Phrase grounding data

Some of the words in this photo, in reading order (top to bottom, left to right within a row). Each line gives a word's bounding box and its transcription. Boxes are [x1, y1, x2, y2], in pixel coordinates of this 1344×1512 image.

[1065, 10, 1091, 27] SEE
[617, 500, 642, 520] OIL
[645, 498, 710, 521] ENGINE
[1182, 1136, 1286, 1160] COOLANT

§ **WORK REQUIRED**:
Repeat the records above exactly, from the first line to the last.

§ **TASK OUTPUT**:
Some of the words in this photo, in reading order (top to bottom, left to right within a row). Each line gives a word's bounding box and its transcription. Boxes are [x1, y1, x2, y2], in pixel coordinates of this 1344×1512 image.

[1065, 10, 1091, 27] SEE
[617, 500, 642, 520] OIL
[645, 498, 710, 521] ENGINE
[1182, 1136, 1286, 1160] COOLANT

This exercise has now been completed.